Several law firms wrote an extremely fierce letter to the deans of law departments at prominent universities warning them, in naturally cautious legal language, that if they did not voice an unequivocal stance against antisemitism, the law firms would consider very carefully whether or not to employ their graduates. Ken Griffin was more categorical. Asked if his hedge fund Citadel would hire the head of a student group that signed the Harvard letter, his answer was an unequivocal no. “Unforgivable,” he said.[14] Since then, Ken Griffin has now paused all donations to Harvard over how it handled antisemitism on campus, saying that his alma mater is now educating a bunch of “whiny snowflakes.”[15]
When the volunteers volunteered away
For every Ken Griffin, Harvard also relies on thousands of fundraising volunteers, who “cultivate smaller financial commitments, organize reunions, recruit students and run alumni clubs far from the Cambridge, Massachusetts, campus.

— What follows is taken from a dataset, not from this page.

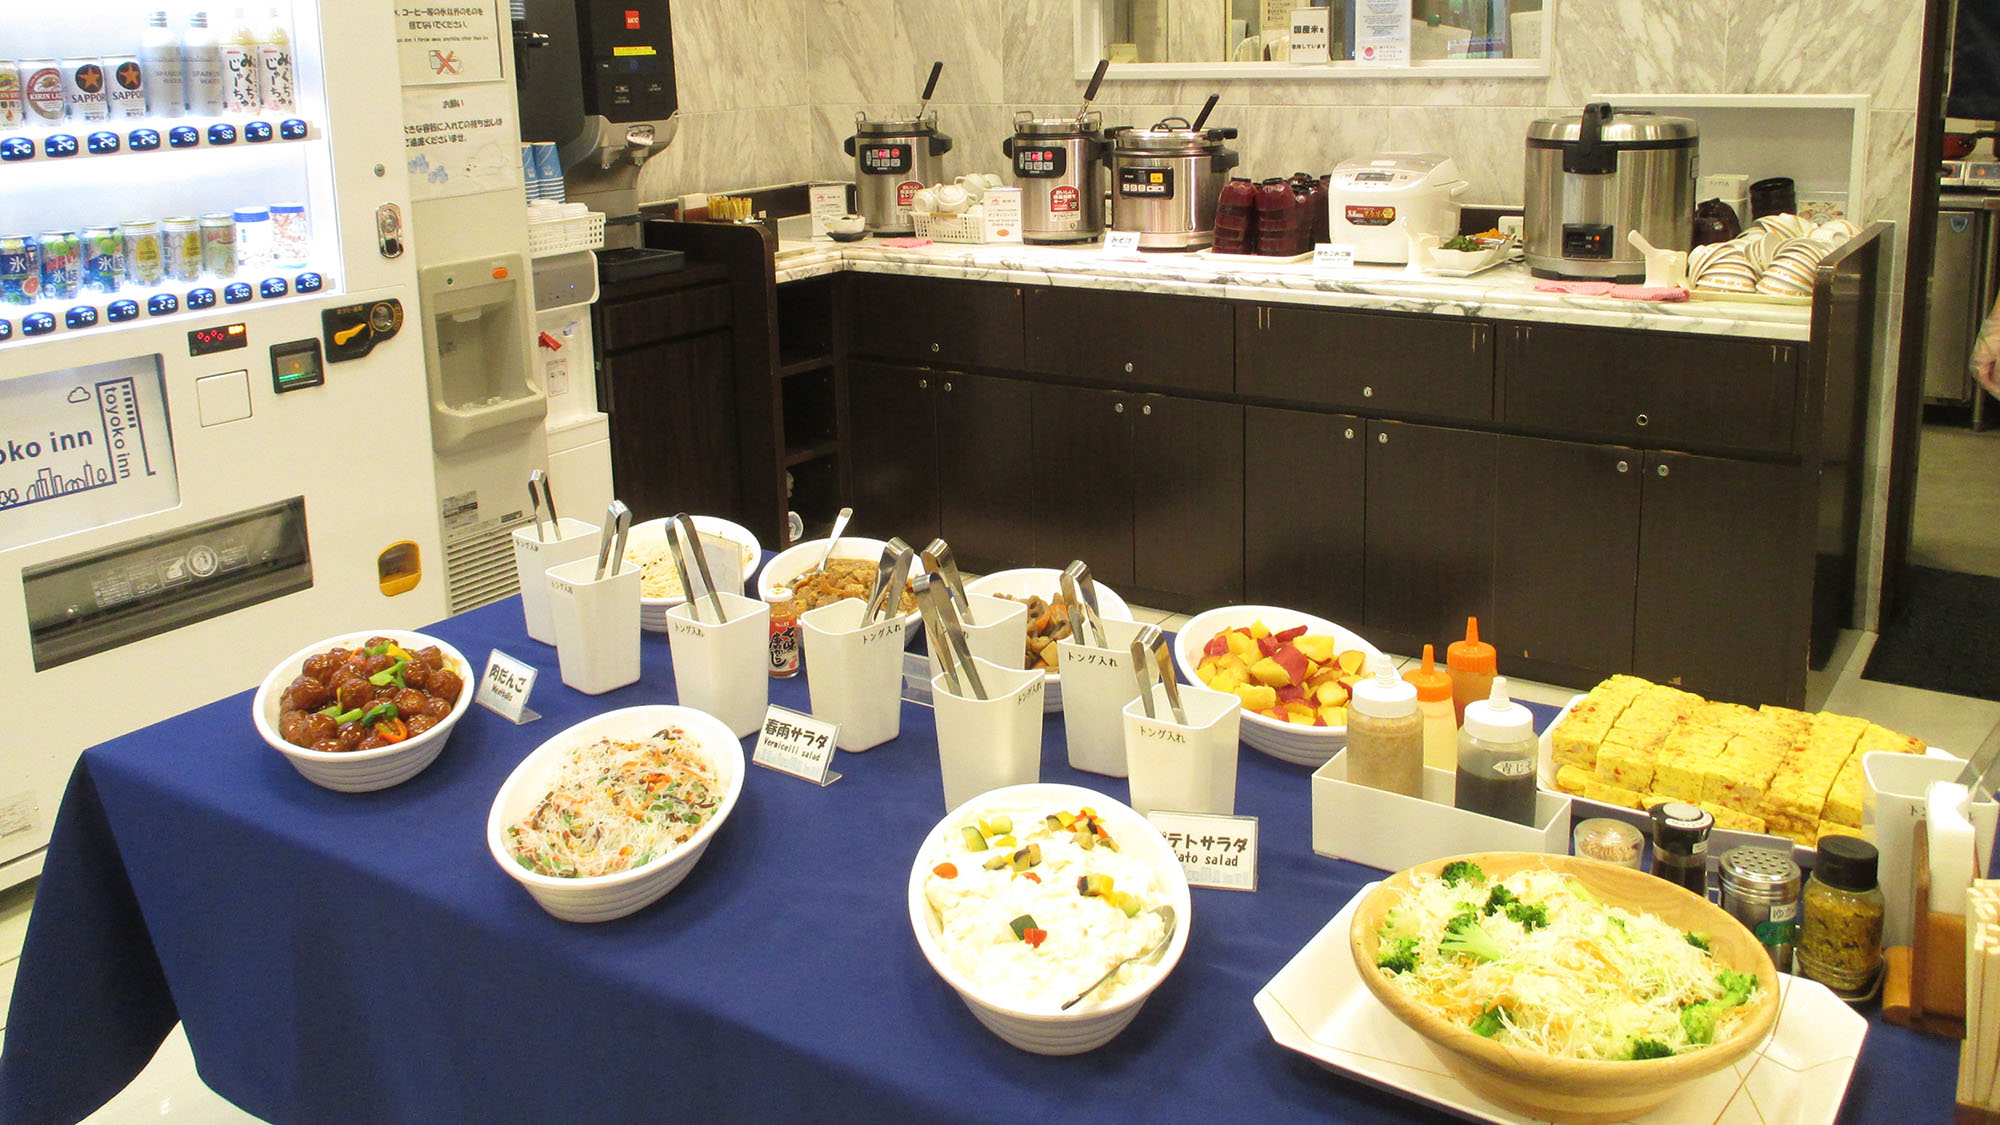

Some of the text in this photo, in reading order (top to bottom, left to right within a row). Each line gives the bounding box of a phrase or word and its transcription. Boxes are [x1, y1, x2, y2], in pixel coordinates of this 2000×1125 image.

Post-October 7th, the volunteers dithered.
“I will not be calling any of my classmates to try to encourage them to donate to Harvard,” said Tally Zingher, 46, a lawyer and entrepreneur who has earned three degrees at Harvard University and served as a workhorse volunteer, calling friends and raising money from her undergraduate class, every year since graduating. “There are plenty of better places that I feel my classmates can use their philanthropy and influence.”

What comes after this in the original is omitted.